Word-for-word reproduction, images excluded: copy every entry below.
====
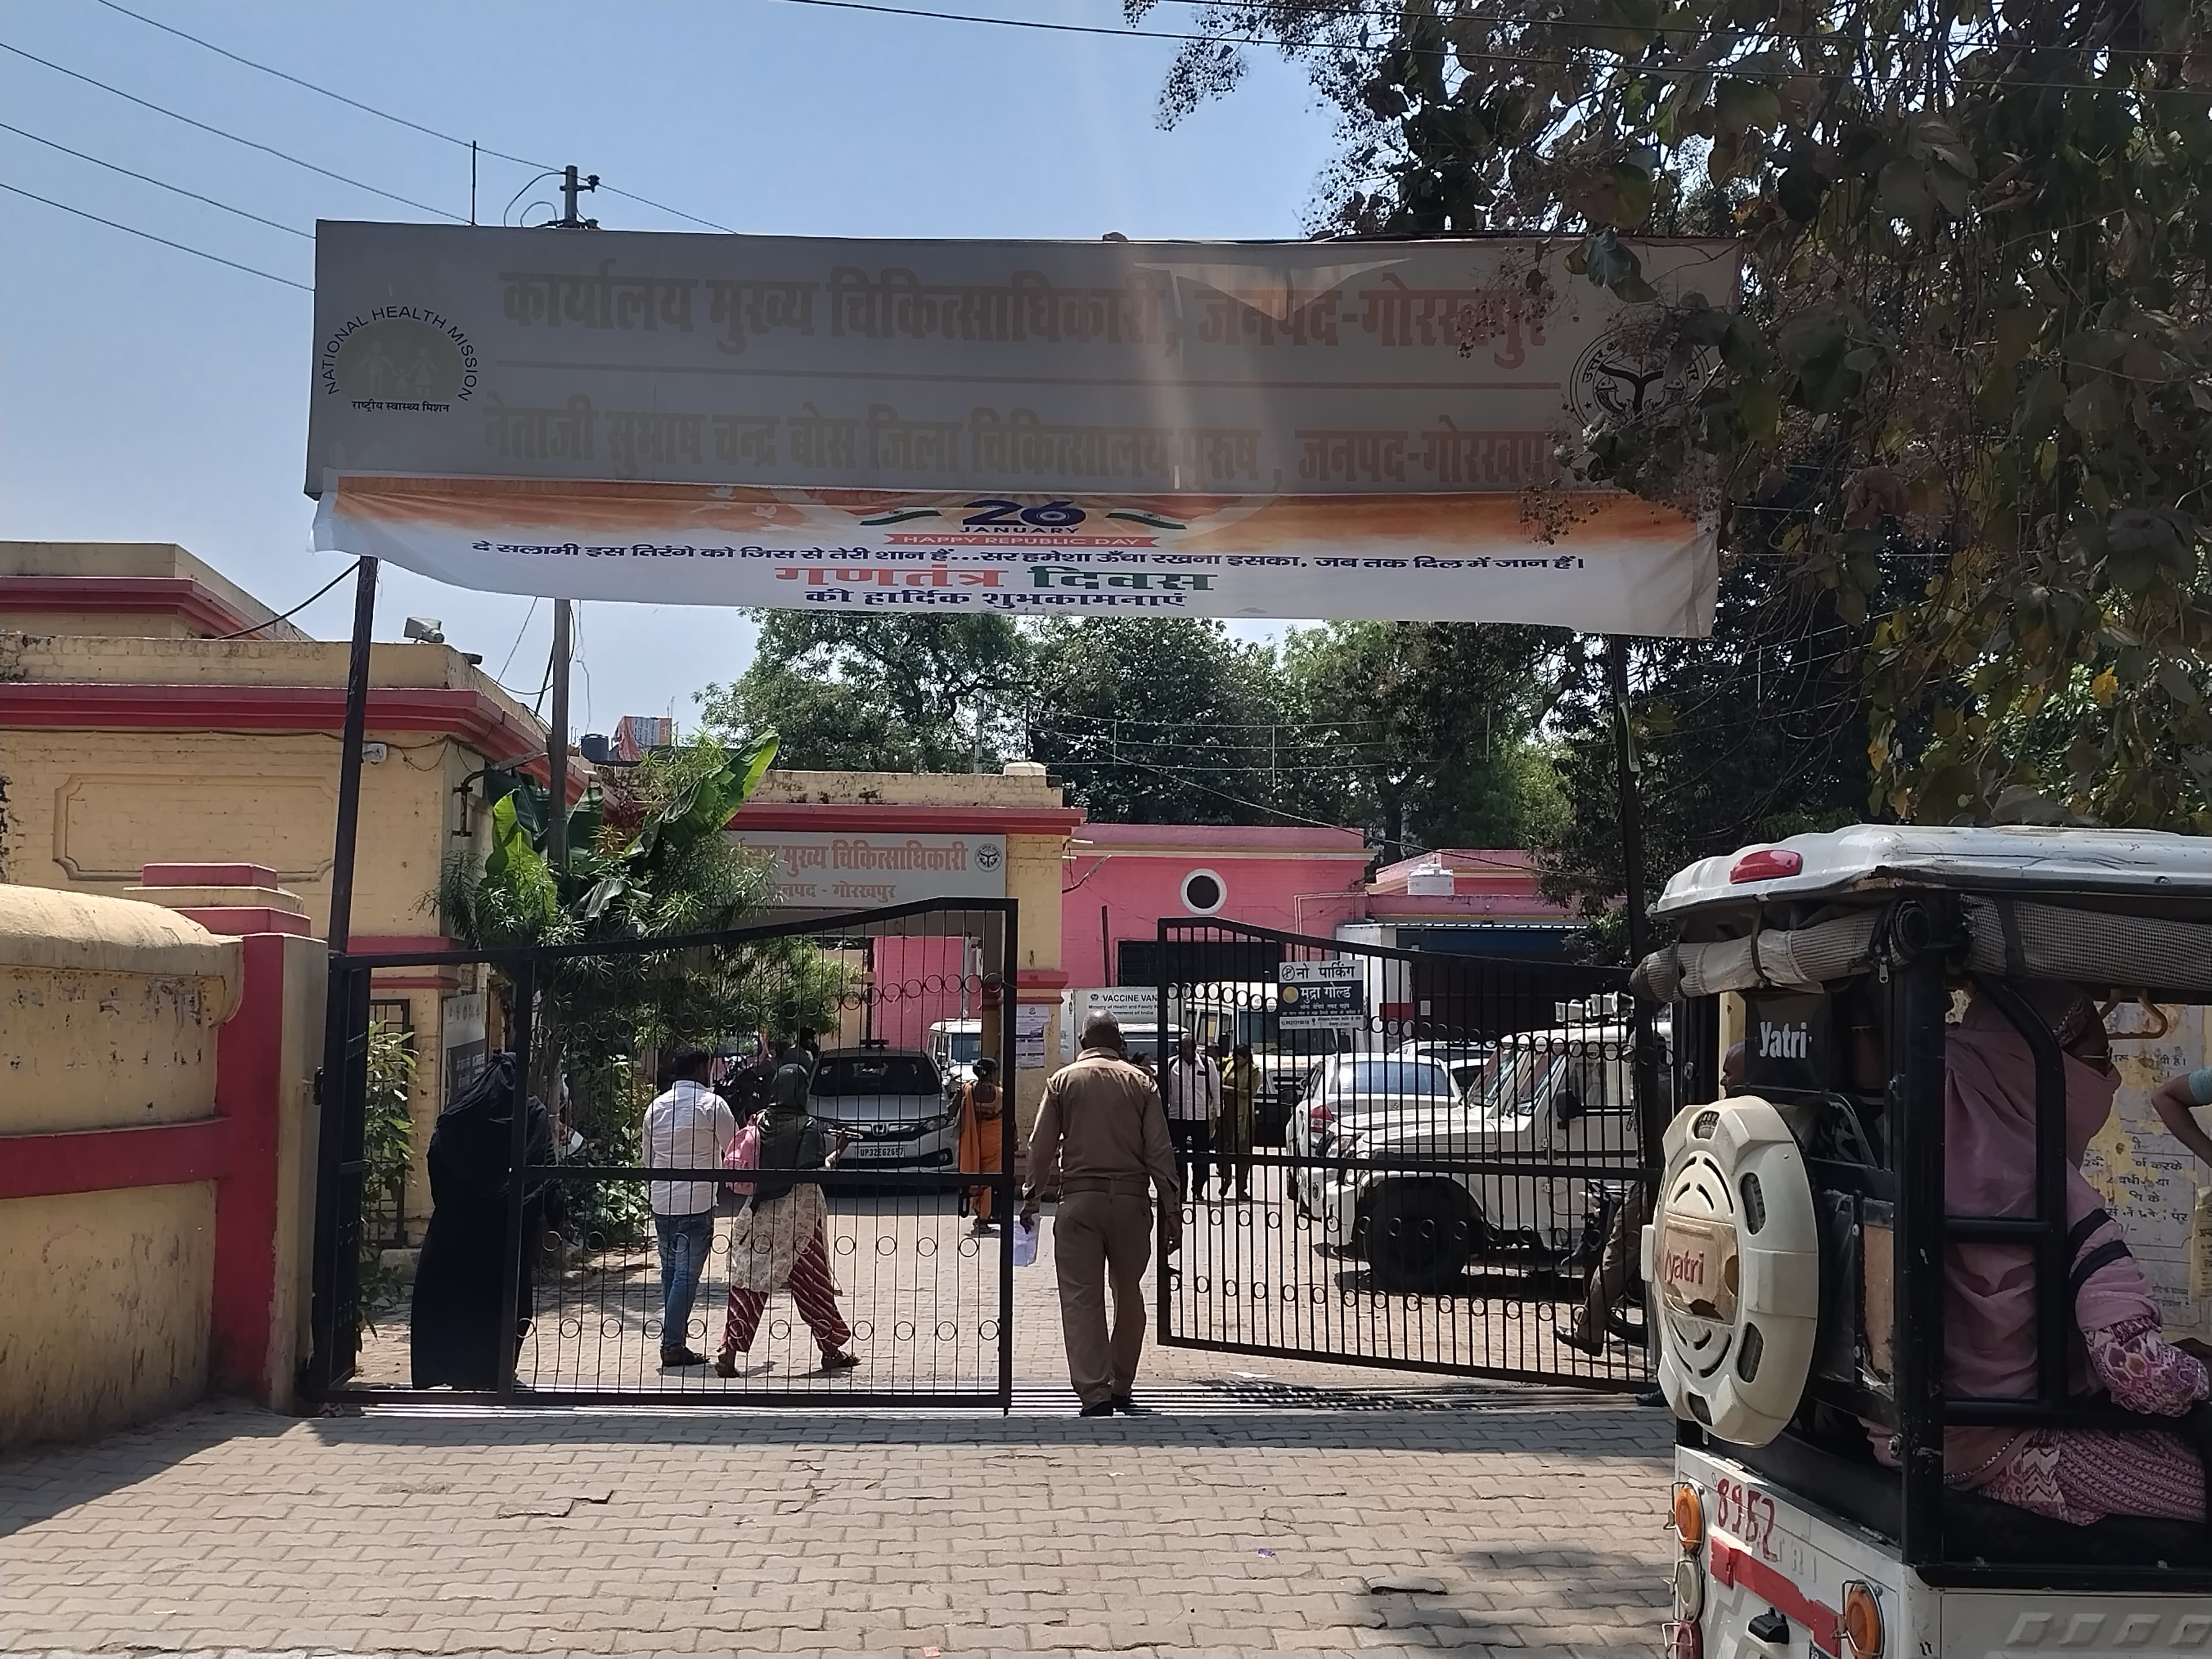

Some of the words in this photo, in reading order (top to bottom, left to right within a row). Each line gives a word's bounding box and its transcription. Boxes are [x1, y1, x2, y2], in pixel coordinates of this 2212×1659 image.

[498, 257, 699, 332] कार्यालय
[704, 278, 820, 355] मुख्य
[321, 315, 369, 396] NATIONAL
[370, 305, 448, 329] HEALTH
[446, 325, 478, 402] MISSION
[351, 398, 384, 412] राष्ट्रीय
[385, 402, 419, 412] स्वास्थ्य
[422, 401, 450, 413] मिशन
[482, 389, 599, 461] नेताजी
[605, 411, 706, 480] सुभाष
[712, 414, 781, 469] चन्द्र
[787, 401, 860, 470] बोस
[866, 403, 963, 474] जिला
[968, 406, 1174, 479] चिकित्सालय
[961, 499, 1086, 527] 26
[903, 536, 978, 544] HAPPY
[984, 536, 1086, 546] REPUBLIC
[1094, 538, 1140, 546] DAY
[959, 527, 1080, 535] JANUARY
[472, 540, 493, 552] दे
[497, 543, 582, 556] सलामी
[585, 546, 627, 558] इस
[631, 544, 696, 558] तिरंगे
[700, 546, 736, 559] को
[740, 546, 797, 559] जिस
[800, 547, 825, 560] से
[829, 545, 871, 560] तेरी
[875, 550, 925, 561] शान
[1021, 550, 1092, 563] हमेशा
[1152, 554, 1222, 566] रखना
[1313, 556, 1359, 569] जब
[1362, 556, 1409, 569] तक
[1412, 555, 1463, 569] दिल
[1466, 556, 1491, 568] में
[1493, 559, 1550, 569] जान
[774, 563, 1009, 588] गणतंत्र
[1027, 565, 1218, 590] दिवस
[804, 588, 855, 603] की
[863, 589, 972, 606] हार्दिक
[781, 844, 830, 878] मुख्य
[832, 839, 969, 872] चिकित्साधिकारी
[769, 883, 817, 898] नपद
[832, 880, 897, 903] गोरखपुर
[1296, 963, 1310, 979] नो
[1319, 961, 1355, 979] पार्किंग
[1300, 987, 1321, 1003] मुद्रा
[1324, 982, 1352, 999] गोल्ड
====
Expected output:
Some of the words in this photo, in reading order (top to bottom, left to right within a row). Each line gives a word's bounding box and its transcription. Boxes are [x1, y1, x2, y2], in pixel coordinates of this 2212×1659 image.

[498, 257, 699, 332] कार्यालय
[704, 278, 820, 355] मुख्य
[321, 315, 369, 396] NATIONAL
[370, 305, 448, 329] HEALTH
[446, 325, 478, 402] MISSION
[351, 398, 384, 412] राष्ट्रीय
[385, 402, 419, 412] स्वास्थ्य
[422, 401, 450, 413] मिशन
[482, 389, 599, 461] नेताजी
[605, 411, 706, 480] सुभाष
[712, 414, 781, 469] चन्द्र
[787, 401, 860, 470] बोस
[866, 403, 963, 474] जिला
[968, 406, 1174, 479] चिकित्सालय
[961, 499, 1086, 527] 26
[903, 536, 978, 544] HAPPY
[984, 536, 1086, 546] REPUBLIC
[1094, 538, 1140, 546] DAY
[959, 527, 1080, 535] JANUARY
[472, 540, 493, 552] दे
[497, 543, 582, 556] सलामी
[585, 546, 627, 558] इस
[631, 544, 696, 558] तिरंगे
[700, 546, 736, 559] को
[740, 546, 797, 559] जिस
[800, 547, 825, 560] से
[829, 545, 871, 560] तेरी
[875, 550, 925, 561] शान
[1021, 550, 1092, 563] हमेशा
[1152, 554, 1222, 566] रखना
[1313, 556, 1359, 569] जब
[1362, 556, 1409, 569] तक
[1412, 555, 1463, 569] दिल
[1466, 556, 1491, 568] में
[1493, 559, 1550, 569] जान
[774, 563, 1009, 588] गणतंत्र
[1027, 565, 1218, 590] दिवस
[804, 588, 855, 603] की
[863, 589, 972, 606] हार्दिक
[781, 844, 830, 878] मुख्य
[832, 839, 969, 872] चिकित्साधिकारी
[769, 883, 817, 898] नपद
[832, 880, 897, 903] गोरखपुर
[1296, 963, 1310, 979] नो
[1319, 961, 1355, 979] पार्किंग
[1300, 987, 1321, 1003] मुद्रा
[1324, 982, 1352, 999] गोल्ड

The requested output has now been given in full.